Retour exclu aux Pays-Bas

 » A un moment donné, son retour à l’Ajax fut bel et bien évoqué « , observe Chris Tempelman, journaliste à l’hebdomadaire Voetbal International. « C’était à l’époque où Marco van Basten y dirigeait encore l’équipe première. Il voulait à tout prix que le club engage un numéro 10 et, compte tenu des possibilités financières, son choix s’était alors porté sur Bous. Par le biais d’intermédiaires, un contact avait été établi mais le coach s’était heurté très vite à un non du joueur. De fait, celui-ci n’a jamais digéré d’avoir été poussé vers la porte de sortie en raison de ses rapports désastreux avec l’ancien Ajacide, Danny Blind, qui drivait la jeune classe. Bous doit avoir la rancune tenace car il aurait dit à quelques intimes que jamais il ne retournerait à l’Ajax tant que Blind serait là. A la limite, je pense que le PSV l’interpellerait davantage… Ce serait là un fameux pied de nez de sa part vis-à-vis des Amstellodamois. Et je sais que cette option a été envisagée dans un passé récent encore, dans la mesure où Ibi Afellay ne devrait pas faire de vieux os à Eindhoven. Et Bous, dans ce cadre-là, constituerait évidemment une solution de rechange idéale.
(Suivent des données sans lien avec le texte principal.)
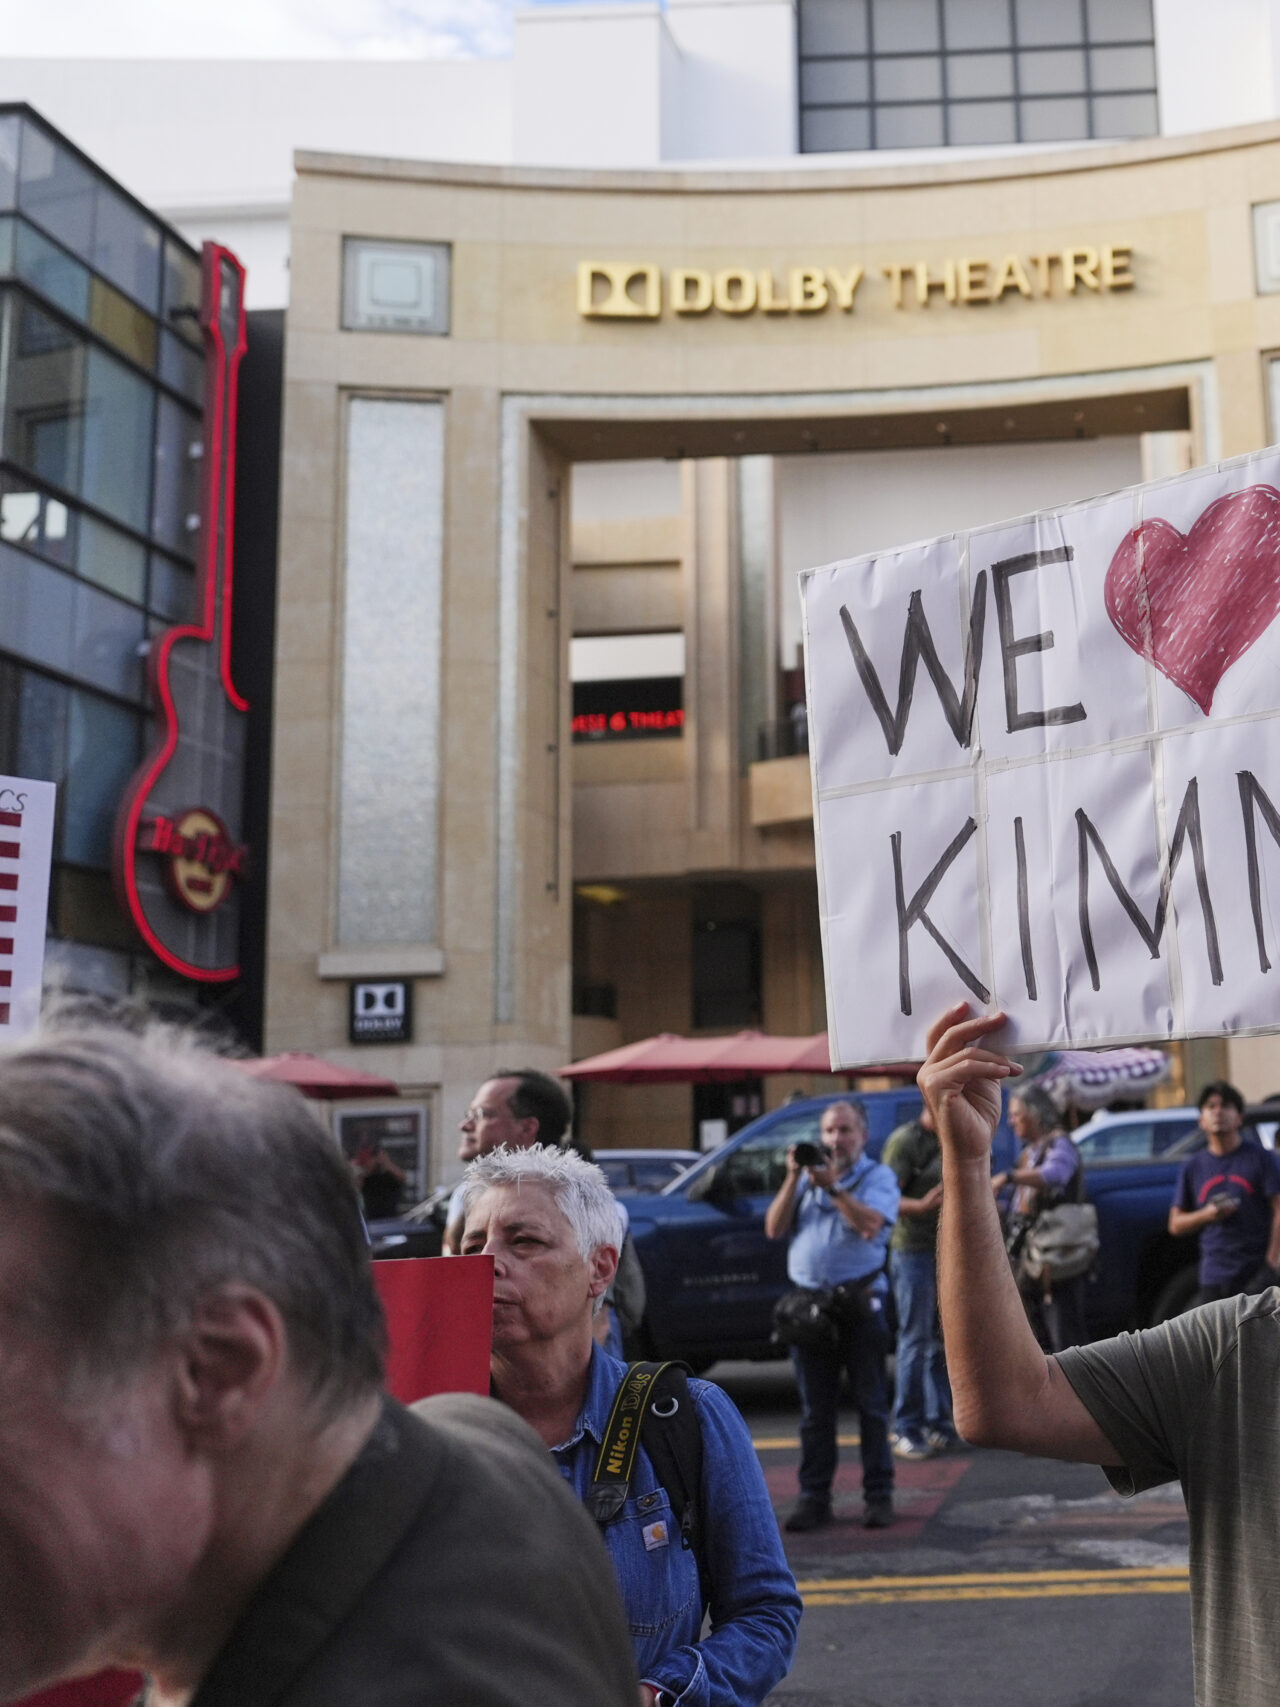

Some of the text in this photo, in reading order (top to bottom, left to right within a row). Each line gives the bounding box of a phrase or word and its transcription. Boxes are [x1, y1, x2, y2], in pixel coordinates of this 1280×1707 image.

Mais il y a fort peu de chances qu’on en arrive là. S’il quitte Anderlecht, je le vois davantage se diriger vers le sud.  »

 » Il a épaté pas mal de monde suite à ses prestations autoritaires avec le Sporting face à l’Ajax en Europa League cette saison « , admet Patrick Vervoort, ex-joueur du RSCA et manager de Moussa Dembélé, entre autres.  » Mais une récupération de Bous me paraît utopique. Pour l’Ajax, ce serait un fameux camouflet. Ce retour induirait que les Amstellodamois se sont trompés à son sujet et ils n’aiment jamais trop être confrontés à ce genre de réalité. Le PSV ? Il ne voudra jamais consentir un gros débours pour le joueur. Rappelez-vous Milan Jovanovic : l’attaquant du Standard intéressait la maison Philips au plus haut point. Mais dès qu’il fut question d’un prix de 8 millions d’euros, le dossier fut classé. Les dirigeants ne voulaient pas dépasser la moitié de ce montant et pour Bous, ils ne casseraient pas davantage leur tirelire non plus. De fait, les seuls à s’autoriser une petite folie de temps à autre sont les responsables de Twente. On en a d’ailleurs eu un aperçu avec Bryan Ruiz l’été dernier, acquis pour 5 millions. Mais il y a bien sûr une marge entre 5 et 8 millions d’euros. Voire 10, car Anderlecht semble viser haut en ce qui concerne son Marocain. Ceci dit, je ne le sens pas rebrousser chemin. Ce serait un échec pour le garçon. Comme pour tous les Africains, d’ailleurs. Et il est trop orgueilleux pour ça. Les Pays-Bas, ce serait vraiment le tout dernier recours.  »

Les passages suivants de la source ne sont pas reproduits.